## Work required
Any image found in the entries is to be skipped; the rest is returned word for word.

Records from a data collection:
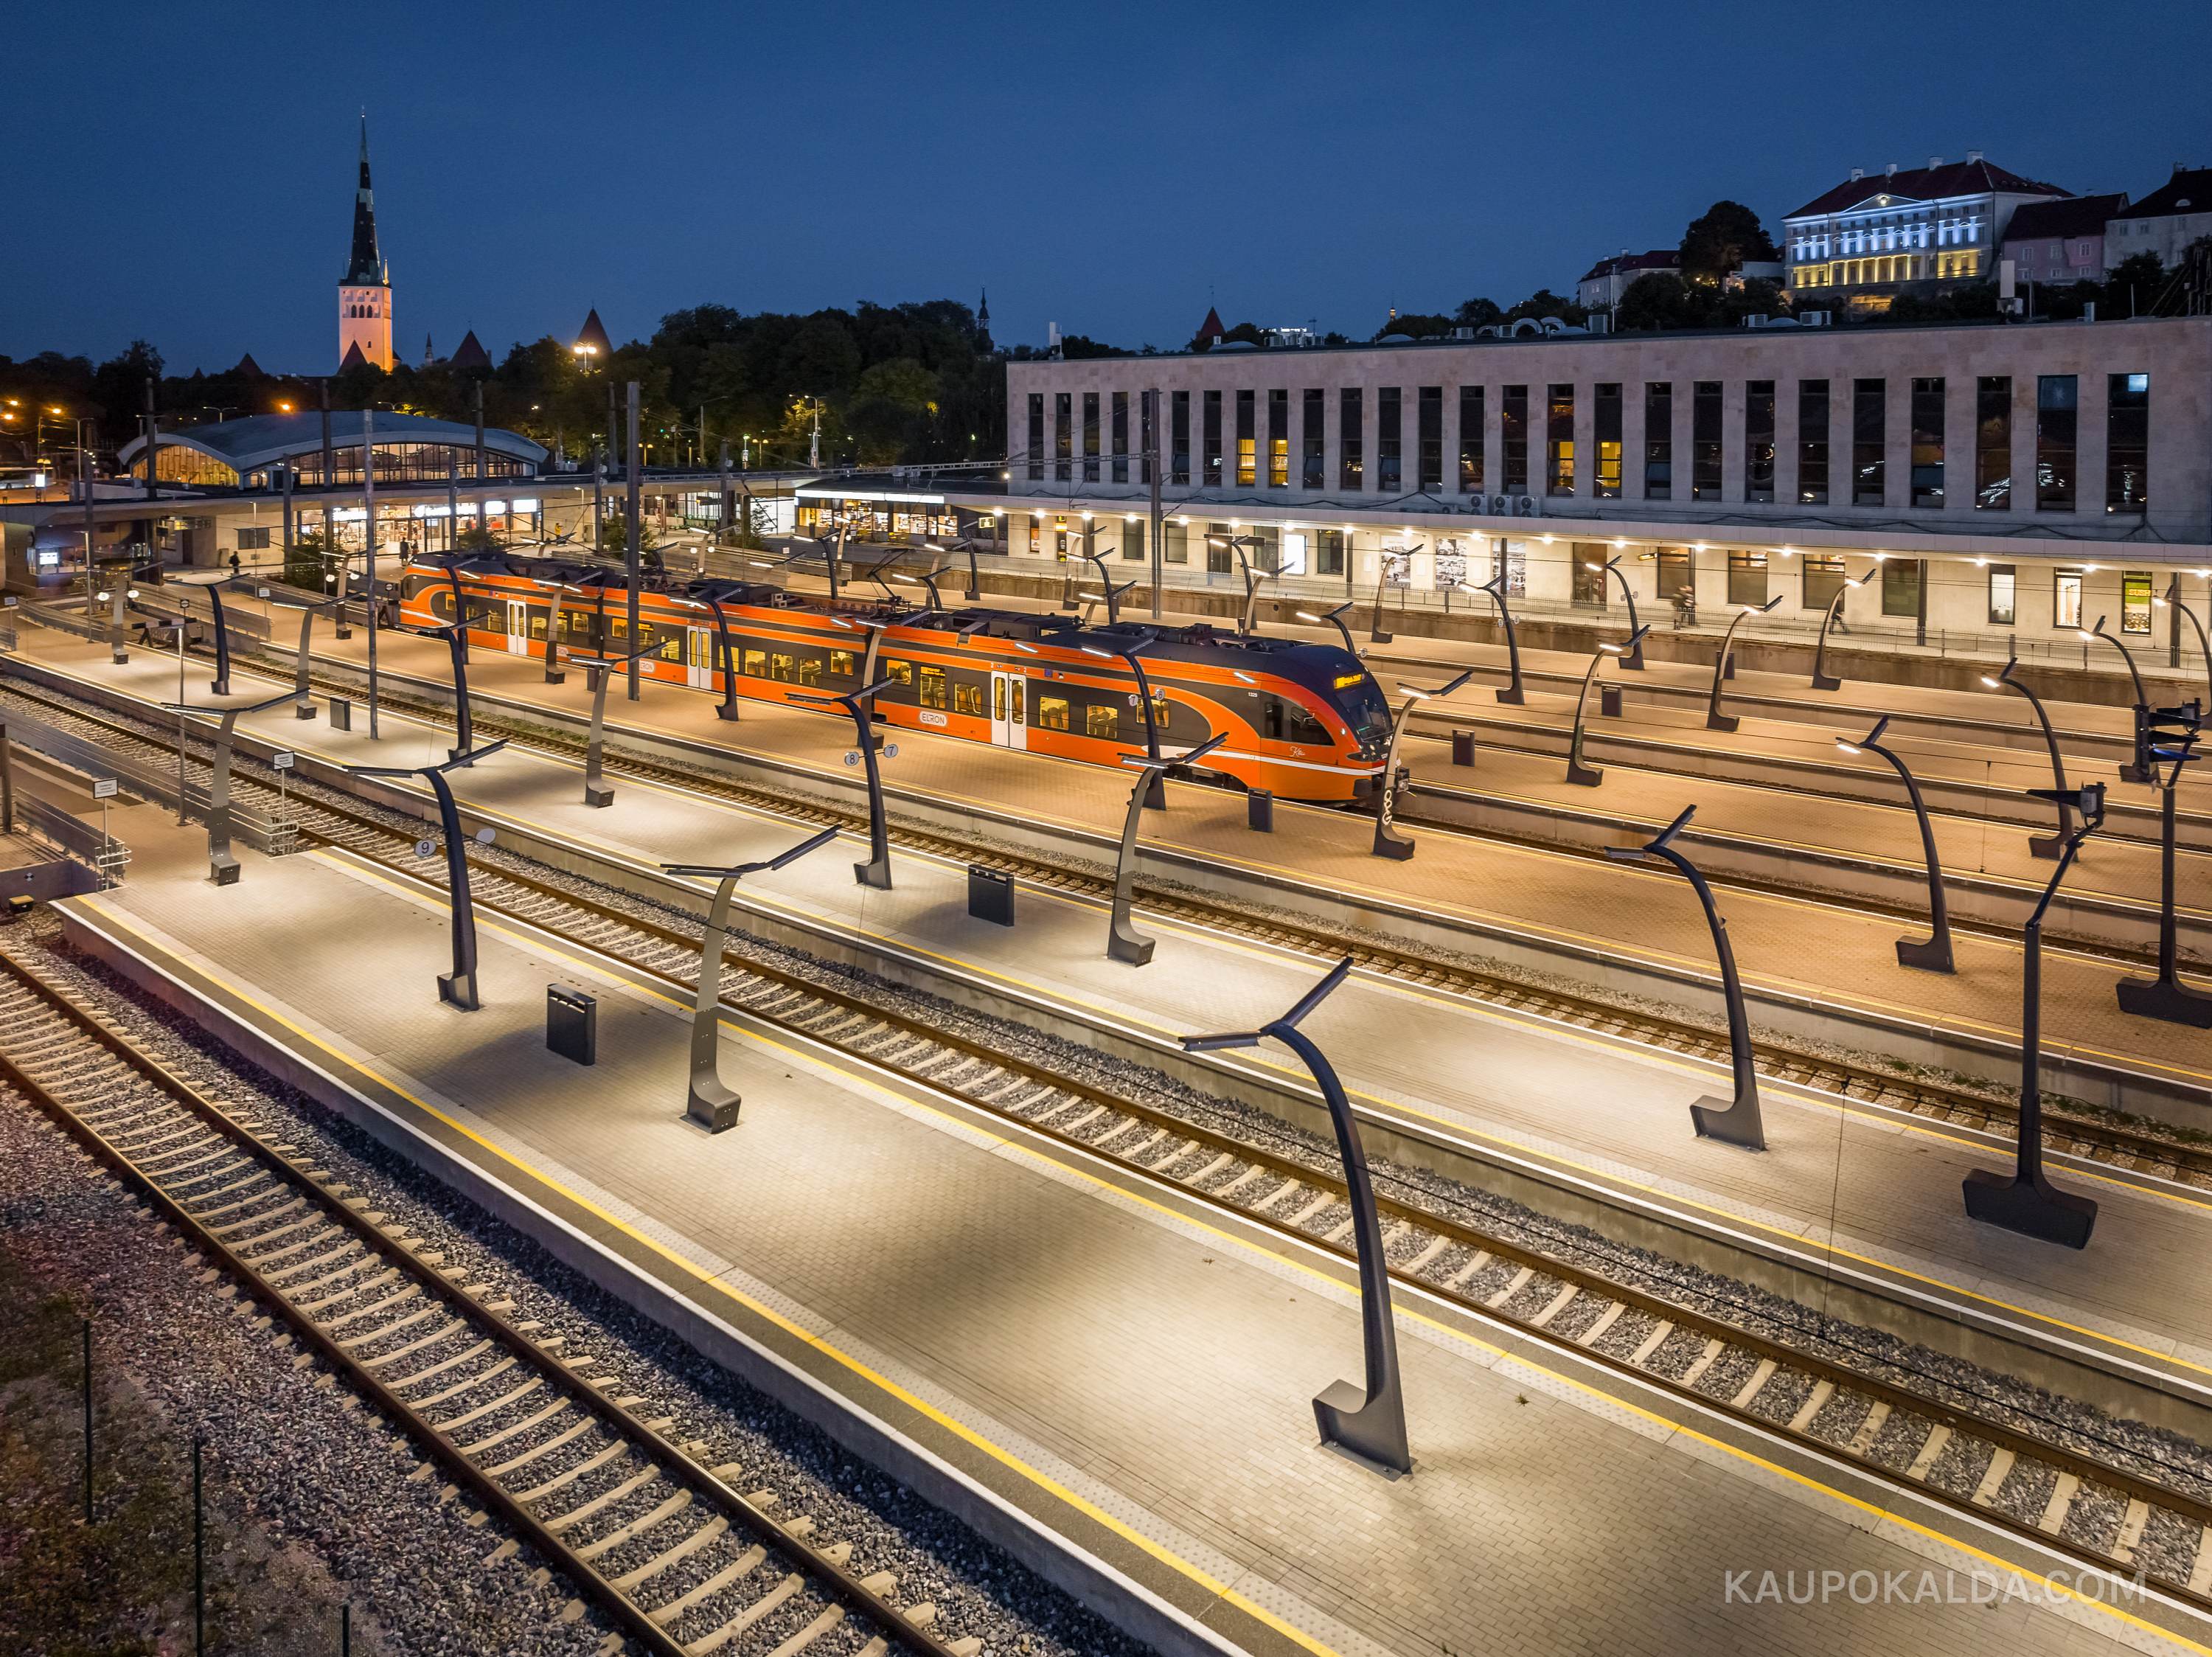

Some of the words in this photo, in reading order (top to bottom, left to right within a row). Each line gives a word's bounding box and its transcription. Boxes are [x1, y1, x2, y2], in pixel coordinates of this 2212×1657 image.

[922, 713, 945, 724] ELRON
[888, 746, 894, 756] 7
[849, 754, 855, 765] 8
[421, 841, 430, 854] 9
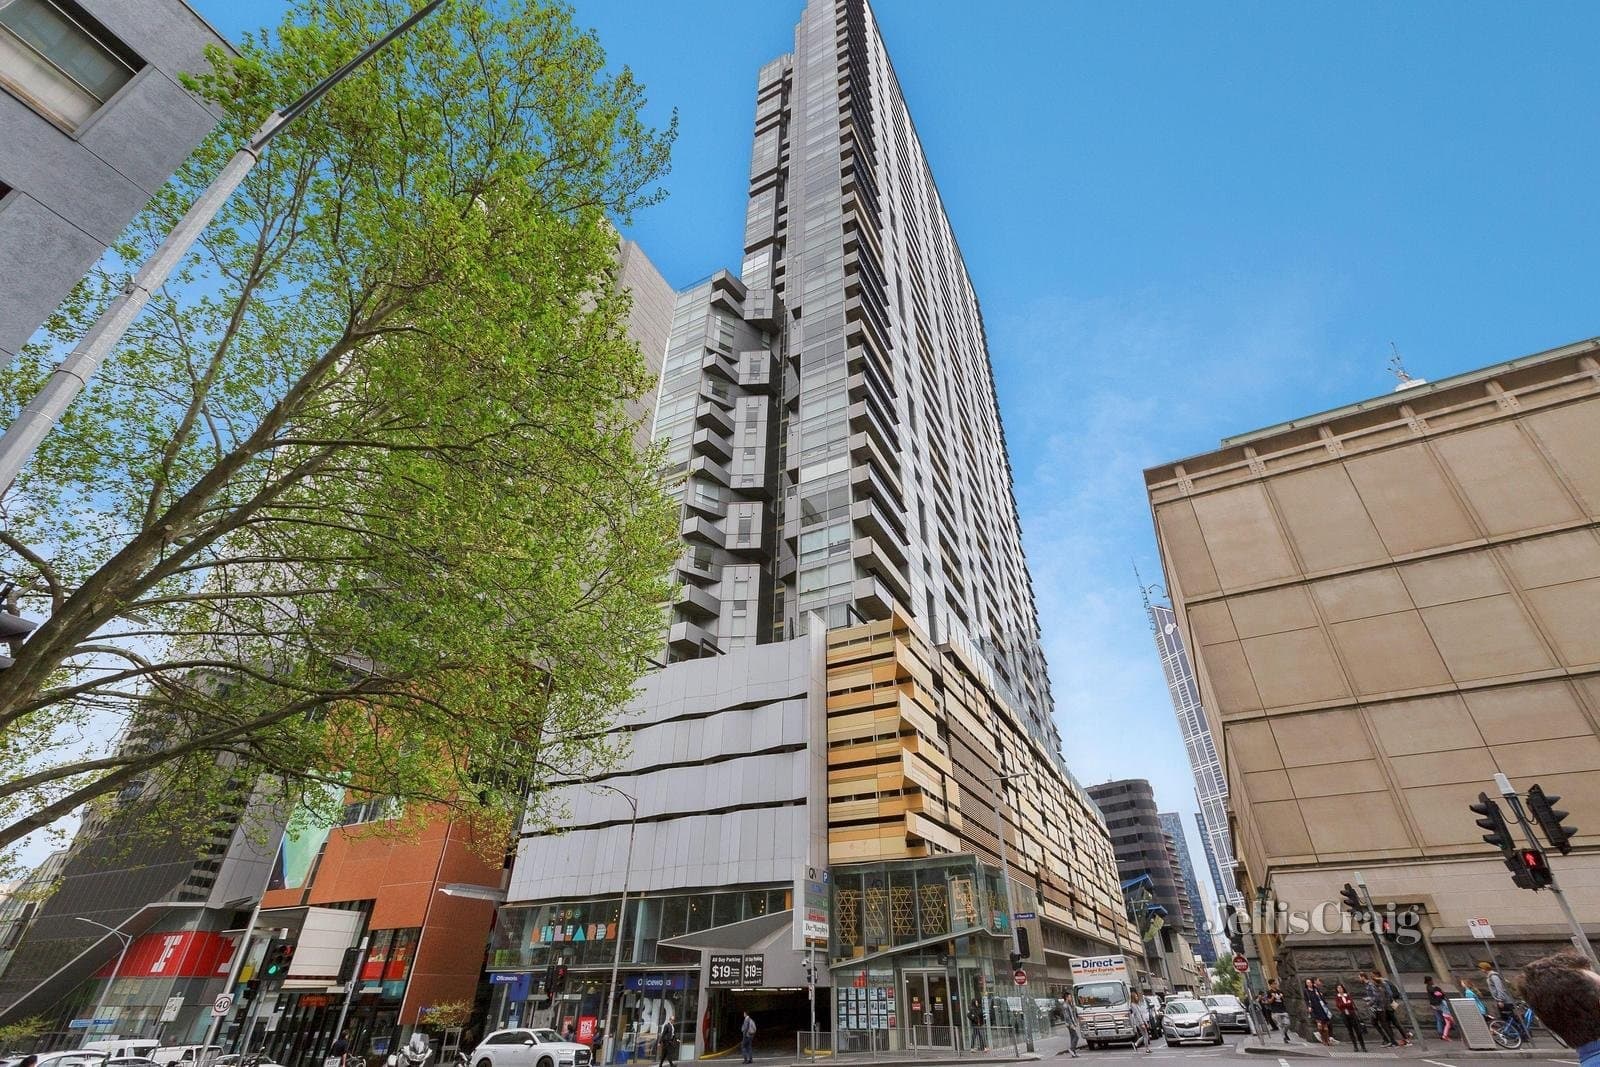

## Exercise answer
Some of the words in this photo, in reading order (top to bottom, left to right within a row). Each line gives a word's bounding box and its transcription. Boxes are [x1, y1, x2, y2], in pixel coordinates of this 2212×1657 image.

[922, 713, 945, 724] ELRON
[888, 746, 894, 756] 7
[849, 754, 855, 765] 8
[421, 841, 430, 854] 9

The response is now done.